Objects, Events, Properties and Methods

Objects

COM is based on objects. Objects expose events for the purpose of coordinating their activities with the rest of the application. Script code can be attached to the events of an object to customize behavior.

There are two main types of objects:

Objects are encapsulated and communicate through interfaces. An interface has two roles:

Interfaces are permanent - once they have been defined for an object, they are not changed. You can create multiple interfaces for a single object, enabling that object to communicate in different ways with different pieces of your application. COM defines a large number of standard interfaces.

ActiveX controls support the following items: events, properties, and methods. You need to understand the supported events, properties, and methods so that you can use a particular ActiveX object properly in your application.

Events

Events are notifications that the control sends to the container every time something affects the control, such as when a user clicks a button, types text, or hovers the mouse over an area. The control does this by firing an event, and the container transforms it into a meaningful action. The code in the container picks up the event sent by the control and executes code in response. Not all objects support all events.

To receive notification of an event, you must tell Zim that you’re interested in this event.  The following code:

FORM SET (OBJECTEVENT ’DateChanged’) MyForm.OLE_MonthView

Will cause the control named ”OLE_MonthView” on a form named ”MyForm” to generate a Zim event when it’s ’DateChanged’ event fires.  You can view the available events for a control using the ”Type Info” dialog, which is accessible from the ”Insert OLE Control” dialog.

Properties

When a control is inserted into a container, its initial properties are set.

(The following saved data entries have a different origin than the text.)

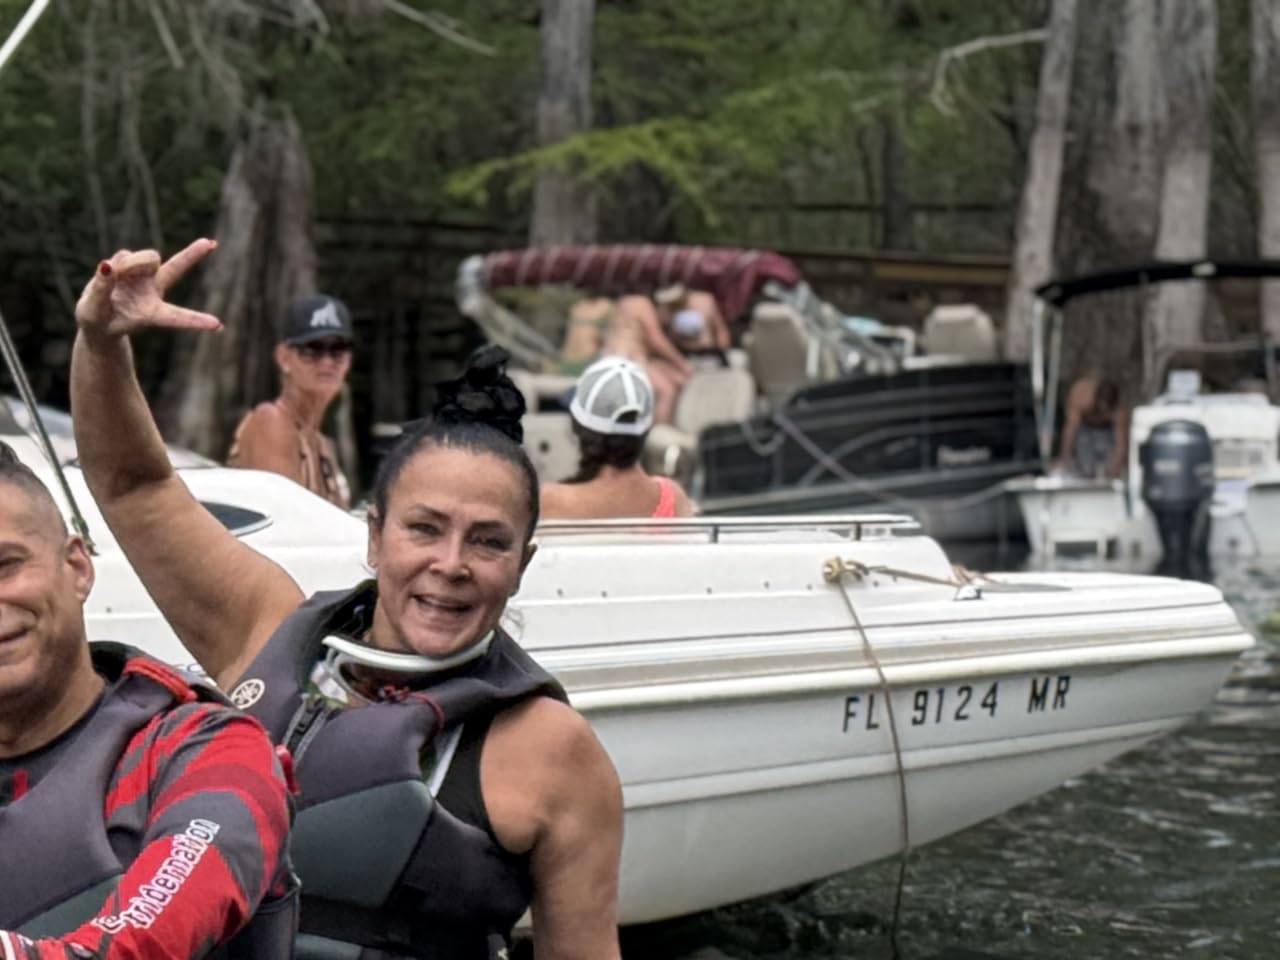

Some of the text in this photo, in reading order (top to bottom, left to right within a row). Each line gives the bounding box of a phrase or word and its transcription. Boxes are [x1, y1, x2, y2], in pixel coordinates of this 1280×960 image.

[842, 675, 1071, 732] FL 9124 MR
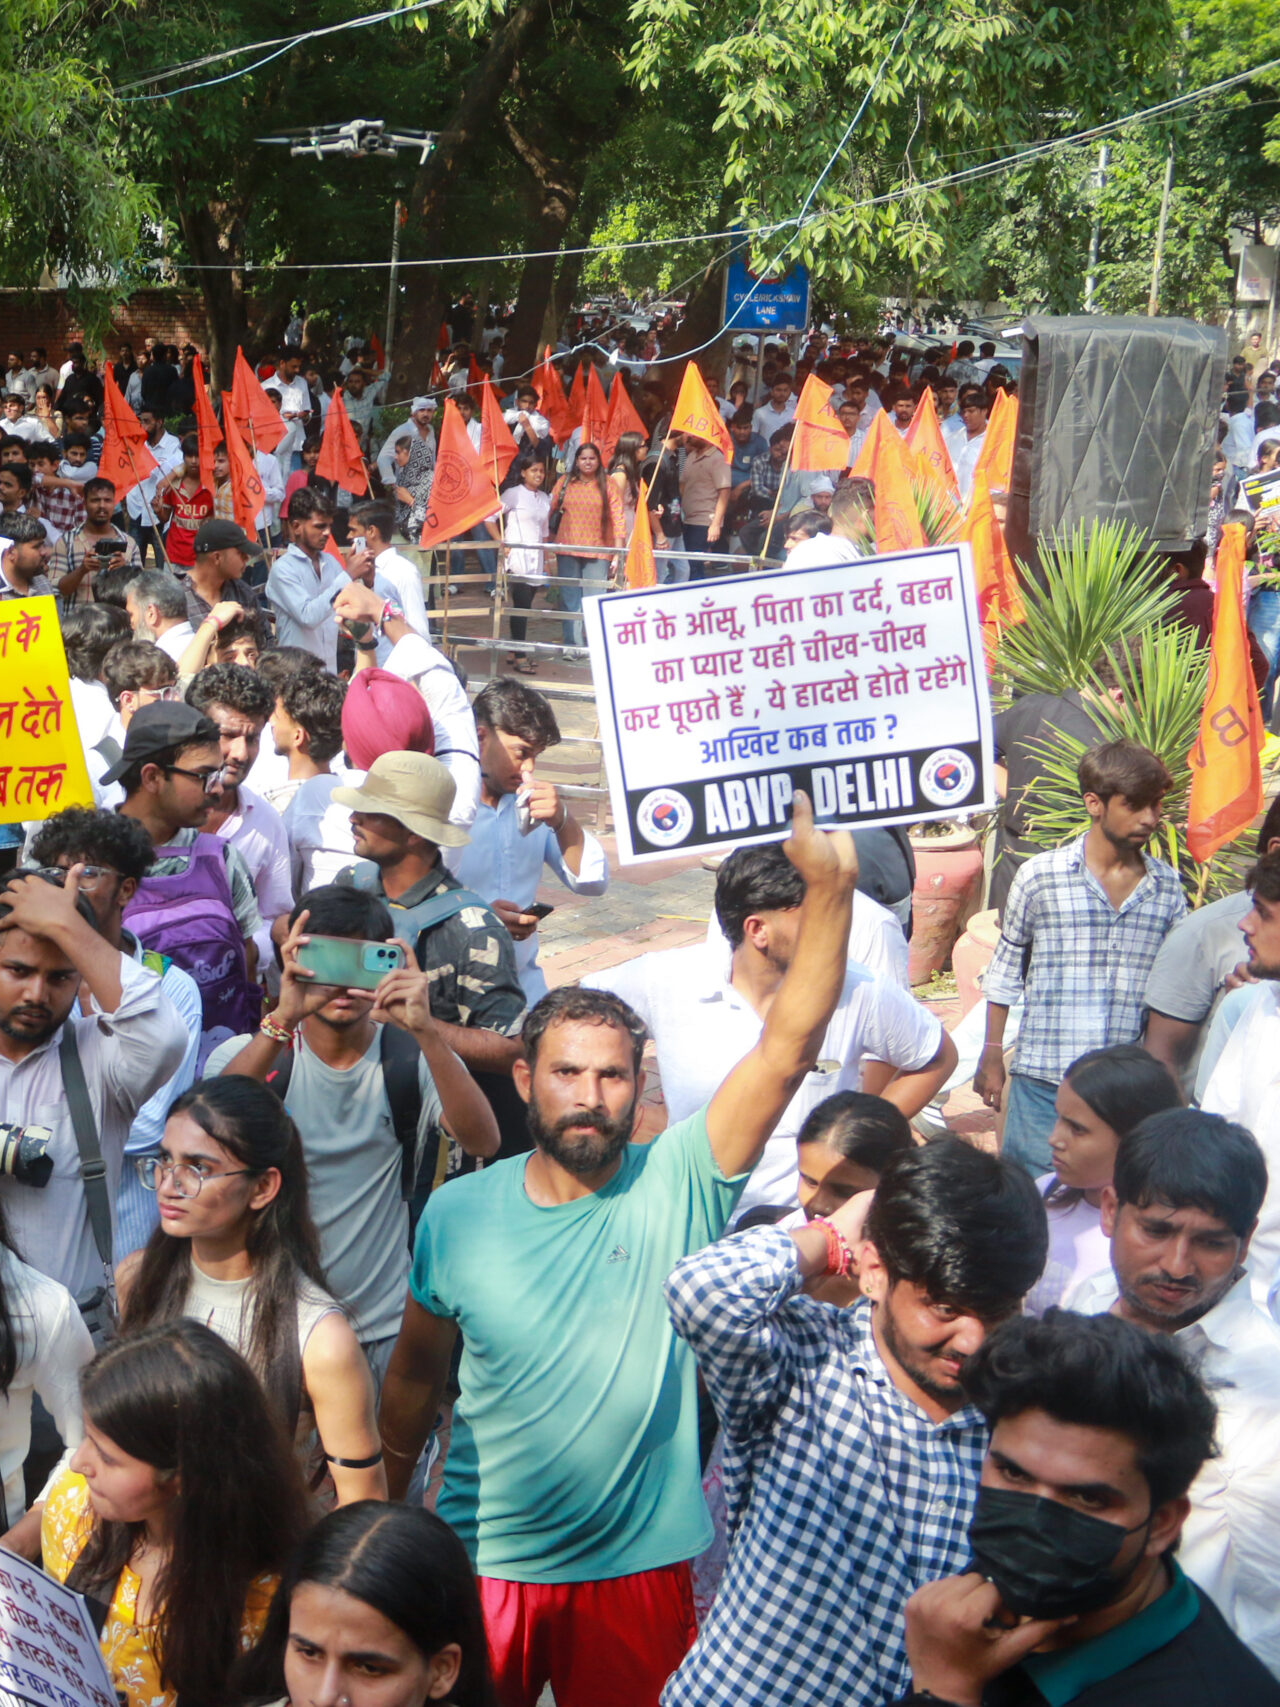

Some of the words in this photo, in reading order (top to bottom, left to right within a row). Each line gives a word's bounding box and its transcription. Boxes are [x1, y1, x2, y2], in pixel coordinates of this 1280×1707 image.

[756, 306, 776, 315] LANE
[16, 610, 42, 652] के
[614, 607, 646, 648] माँ
[653, 609, 676, 641] के
[686, 596, 746, 639] आँसू,
[752, 594, 804, 628] पिता
[813, 594, 843, 618] का
[849, 579, 891, 614] दर्द,
[898, 576, 954, 608] बहन
[652, 657, 684, 684] का
[691, 648, 743, 679] प्यार
[749, 637, 795, 670] यही
[801, 620, 927, 663] चीख-चीख
[21, 685, 64, 739] देते
[621, 704, 660, 733] कर
[667, 689, 720, 734] पूछते
[766, 679, 786, 711] ये
[792, 670, 858, 706] हादसे
[865, 662, 909, 699] होते
[916, 654, 967, 692] रहेंगे
[699, 726, 780, 765] आखिर
[788, 723, 827, 752] कब
[836, 714, 876, 744] तक
[15, 762, 67, 806] तक
[703, 772, 793, 836] ABVP
[811, 756, 915, 819] DELHI

Properties act as a way of exposing variables inside a control. The control passes any changes back to the container, which is responsible for saving the properties that the control requested. In this way, the state of the control is persistent. The container design program is responsible for saving these properties when it saves the container's representation.

When the container is run and creates the control, the container must provide the control with these initial property values.

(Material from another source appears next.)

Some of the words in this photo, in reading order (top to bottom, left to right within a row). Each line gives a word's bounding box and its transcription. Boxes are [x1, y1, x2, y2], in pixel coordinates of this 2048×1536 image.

Properties are saved as part of the variables of the form. In HTML pages, the properties are saved as <PARAM> tags inside the <OBJECT> tag that specifies how to create the control.

There are several categories and sub-categories of properties. They can be implemented by the control or the container. Control properties are further broken down into custom properties (implemented by you) and stock properties (implemented by Microsoft Foundation Classes). Container properties are called ambient properties; they are further categorized as standard ambient properties, whose meanings are defined by OLE and extended properties, which are defined by a specific container. Extended properties are more properly thought of as properties of the extended control, which is inside the container that encapsulates and extends your control.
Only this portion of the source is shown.